» **Requirement**:
Give back the entries that follow exactly as written. Any picture gets left out.

» **Data for analysis**:
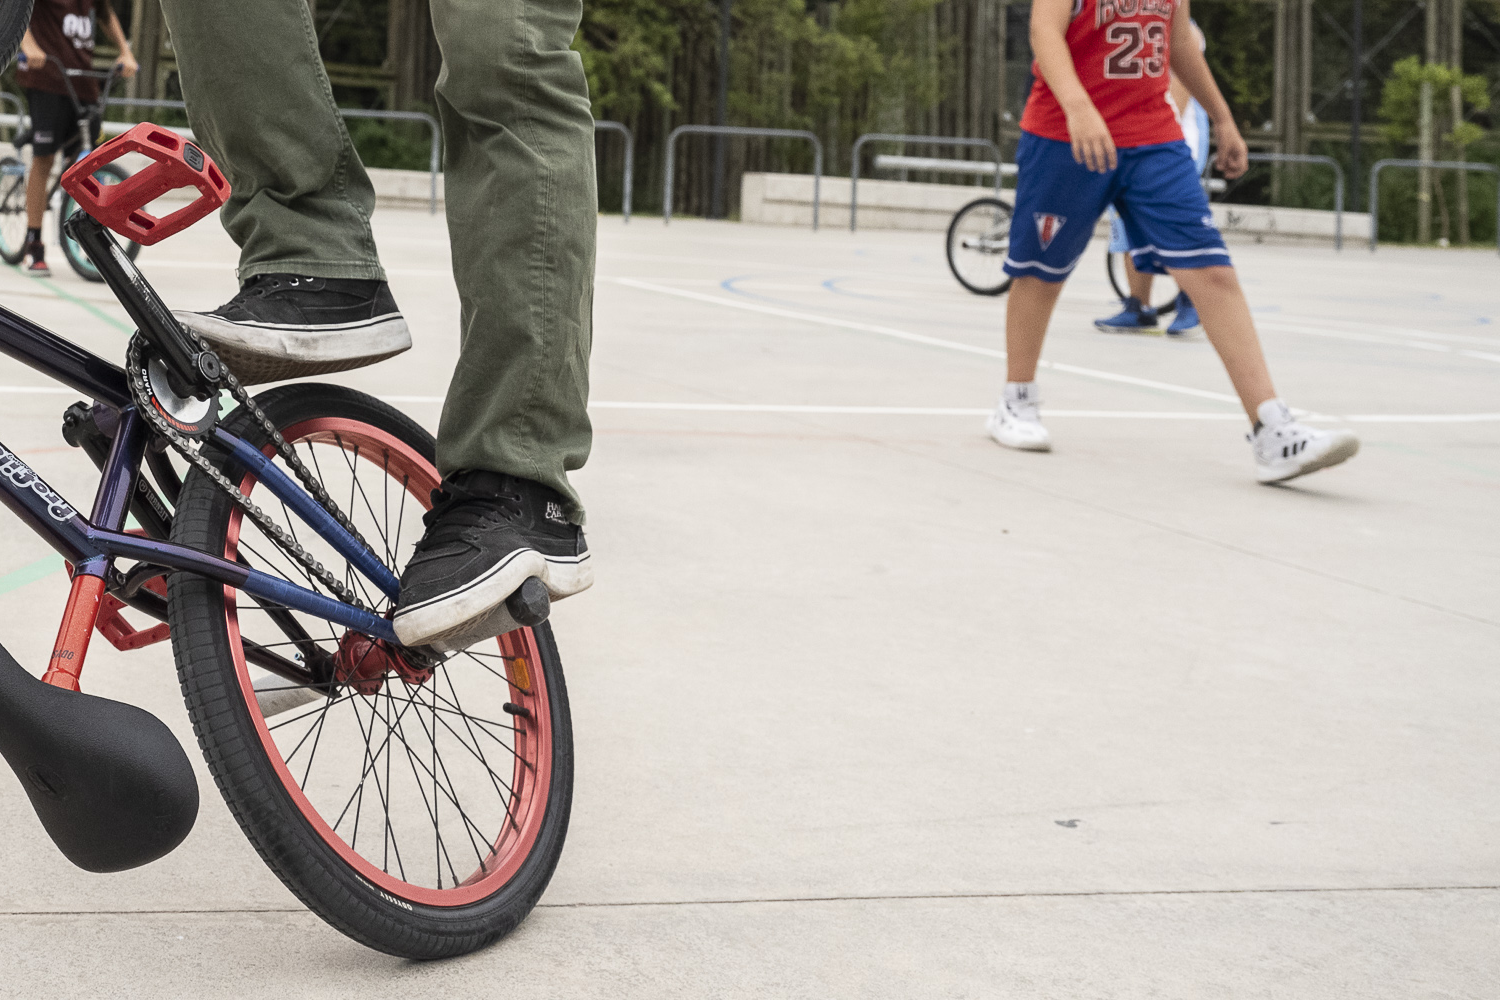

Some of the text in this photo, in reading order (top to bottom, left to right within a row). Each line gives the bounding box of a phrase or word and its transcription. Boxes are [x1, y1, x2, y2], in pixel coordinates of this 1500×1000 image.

[1104, 21, 1167, 79] 23
[141, 368, 154, 396] HARO
[380, 891, 413, 911] ODYSSEY
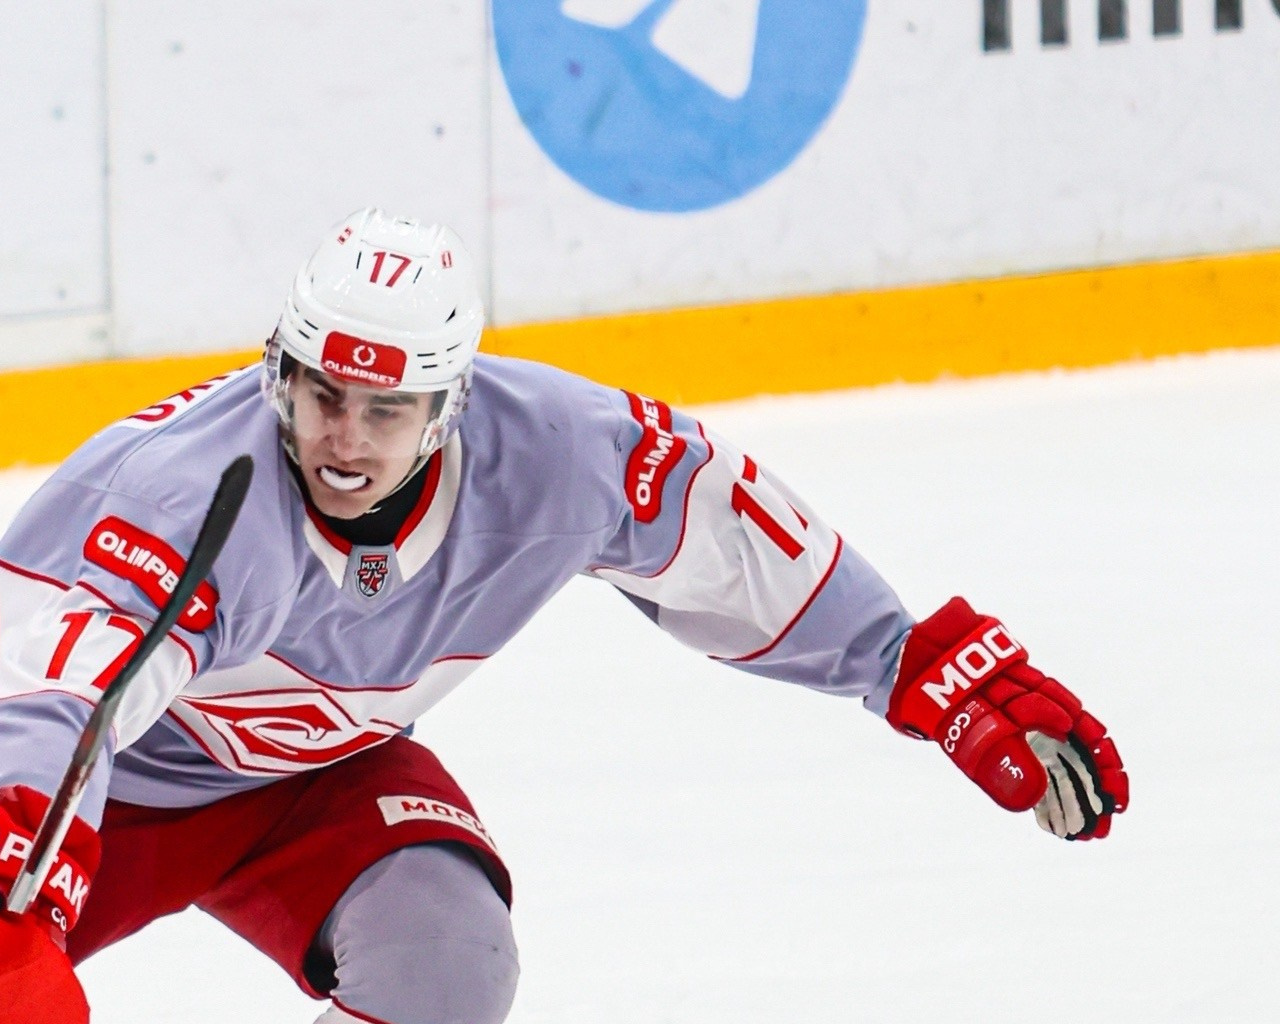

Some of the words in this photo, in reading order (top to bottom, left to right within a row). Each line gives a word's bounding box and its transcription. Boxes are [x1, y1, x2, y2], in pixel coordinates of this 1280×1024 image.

[369, 251, 412, 288] 17
[324, 359, 398, 386] OLIMPBET
[96, 530, 209, 618] OLIMPBT
[44, 611, 146, 692] 17
[920, 624, 1022, 711] МОС
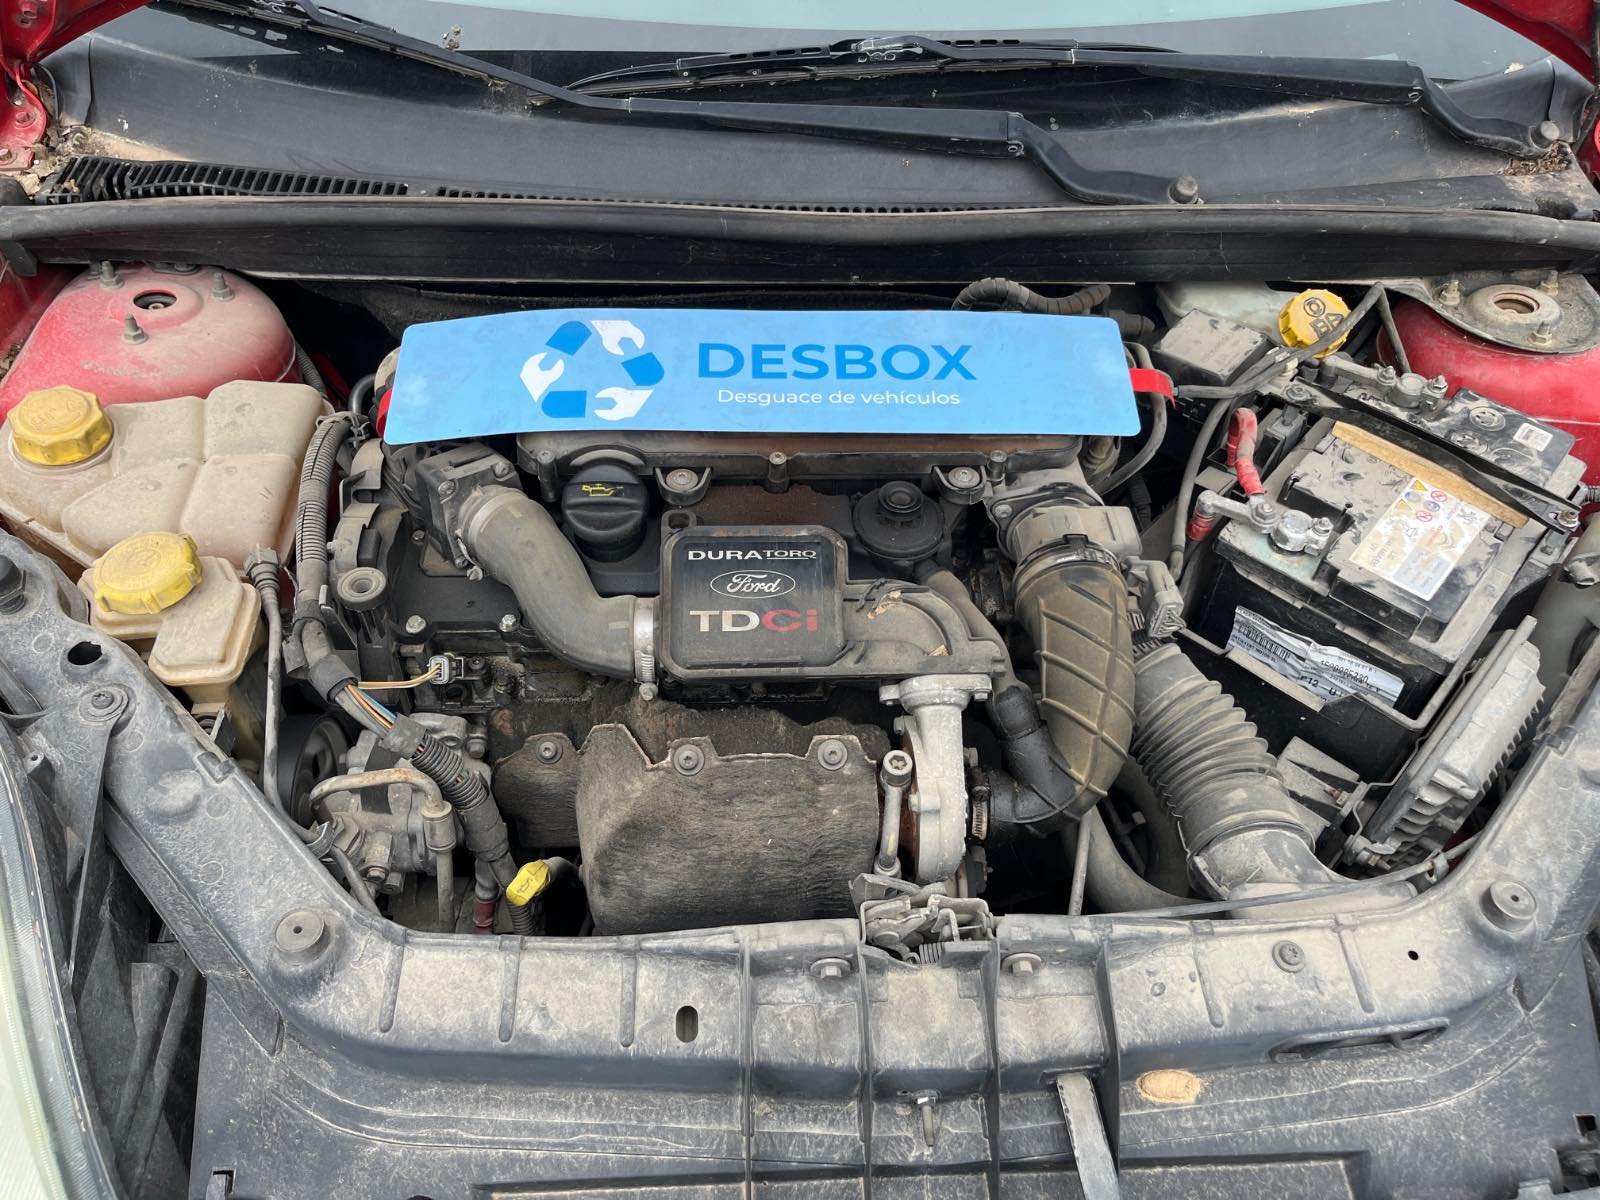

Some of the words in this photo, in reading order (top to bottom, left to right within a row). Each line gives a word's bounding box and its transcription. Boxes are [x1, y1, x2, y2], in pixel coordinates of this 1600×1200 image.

[698, 342, 977, 381] DESBOX
[718, 389, 823, 406] Desguace
[829, 389, 856, 405] de
[861, 389, 961, 406] vehículos
[687, 549, 817, 561] DURATORQ
[726, 572, 782, 594] Ford
[689, 608, 818, 633] TDCi
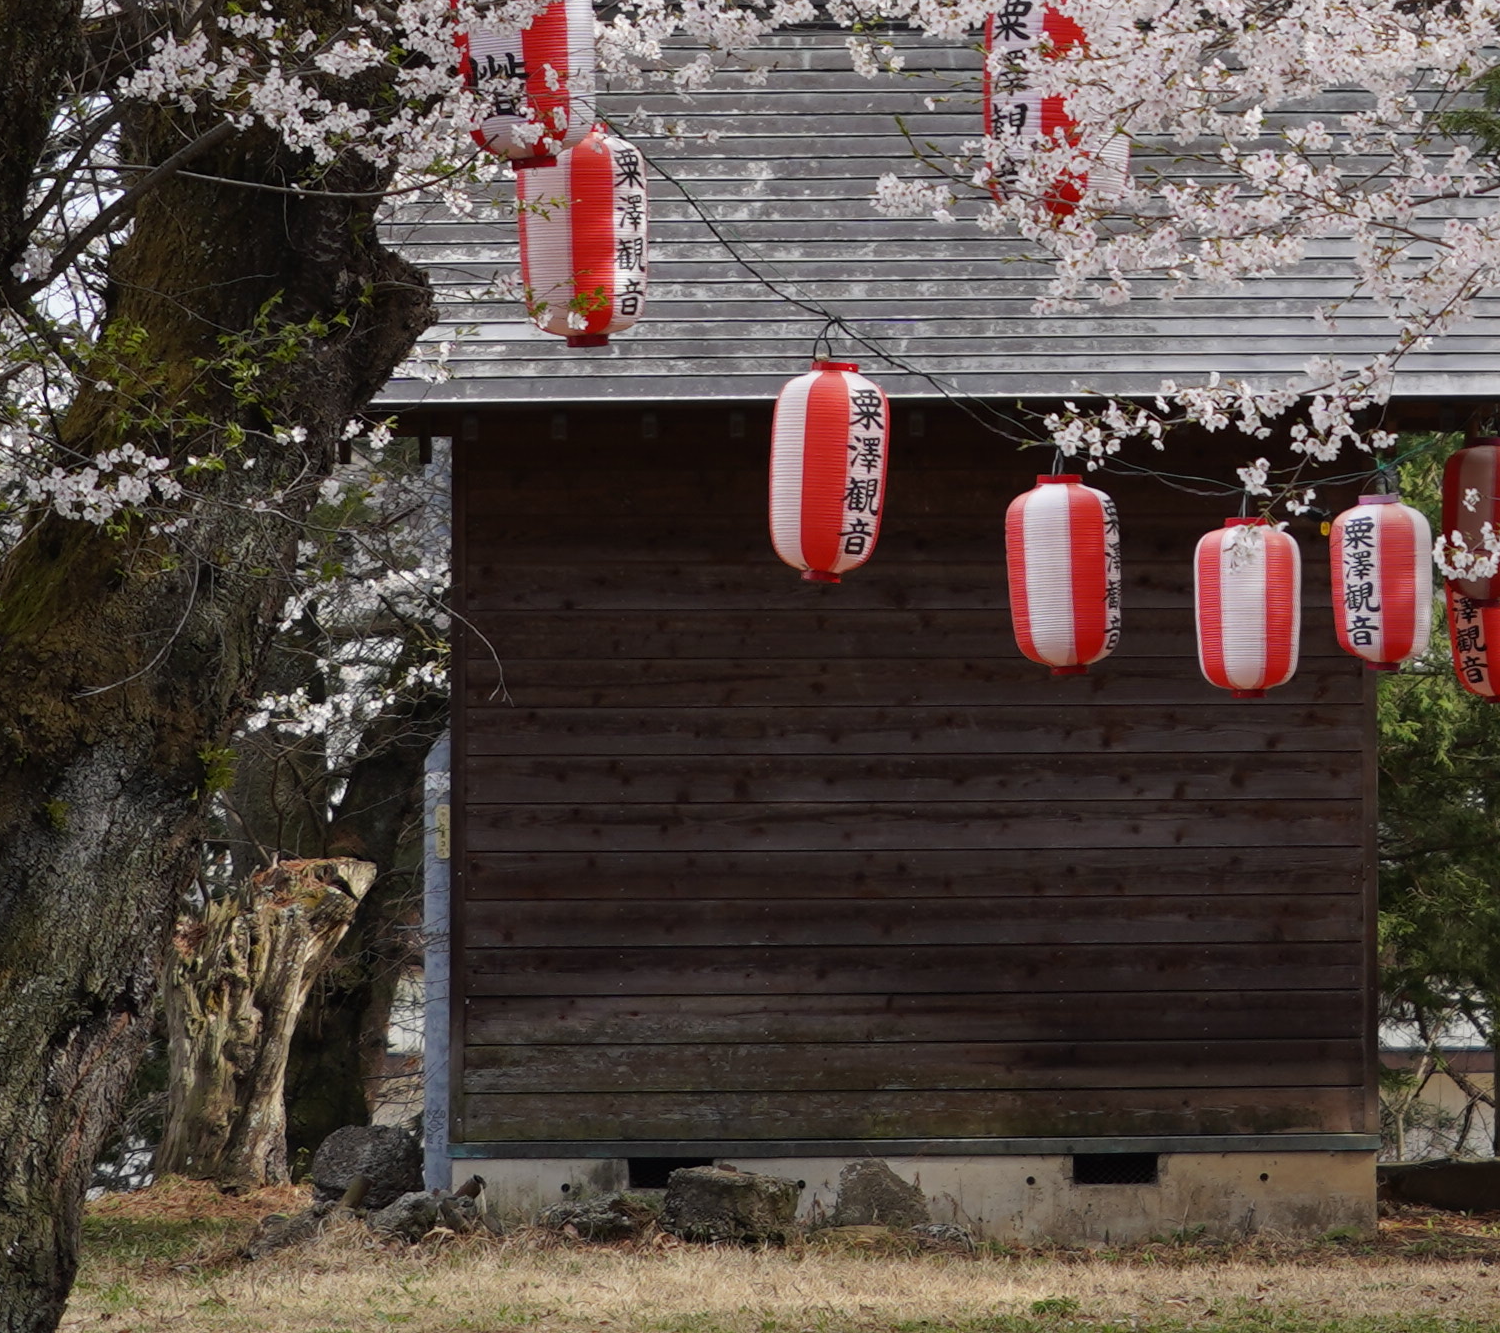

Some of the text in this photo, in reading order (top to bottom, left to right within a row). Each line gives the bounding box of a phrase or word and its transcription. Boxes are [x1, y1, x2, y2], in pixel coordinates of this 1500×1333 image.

[614, 148, 646, 316] 粟澤観音
[837, 388, 885, 555] 粟澤観音
[1343, 515, 1381, 647] 粟澤観音
[1452, 595, 1489, 684] 澤観音

» **Solved exercise**:
Some of the text in this photo, in reading order (top to bottom, left to right within a row). Each line gives the bounding box of a phrase or word and its transcription. Boxes are [x1, y1, x2, y2], in pixel coordinates of this 1500×1000 image.

[1104, 21, 1167, 79] 23
[141, 368, 154, 396] HARO
[380, 891, 413, 911] ODYSSEY

Some of the words in this photo, in reading order (top to bottom, left to right within a row). Each line gives a word's bounding box and its transcription. Boxes are [x1, y1, x2, y2], in pixel coordinates of this 1280×1024 image.

[369, 251, 412, 288] 17
[324, 359, 398, 386] OLIMPBET
[96, 530, 209, 618] OLIMPBT
[44, 611, 146, 692] 17
[920, 624, 1022, 711] МОС

Some of the words in this photo, in reading order (top to bottom, left to right within a row). Each line gives a word's bounding box and its transcription. Boxes are [x1, y1, x2, y2], in pixel coordinates of this 1600×1200 image.

[698, 342, 977, 381] DESBOX
[718, 389, 823, 406] Desguace
[829, 389, 856, 405] de
[861, 389, 961, 406] vehículos
[687, 549, 817, 561] DURATORQ
[726, 572, 782, 594] Ford
[689, 608, 818, 633] TDCi

Some of the text in this photo, in reading order (top to bottom, left to right within a row). Each line gives the bounding box of a phrase or word and its transcription. Boxes are [x1, y1, x2, y2], in pixel coordinates of this 1500×1333 image.

[614, 148, 646, 316] 粟澤観音
[837, 388, 885, 555] 粟澤観音
[1343, 515, 1381, 647] 粟澤観音
[1452, 595, 1489, 684] 澤観音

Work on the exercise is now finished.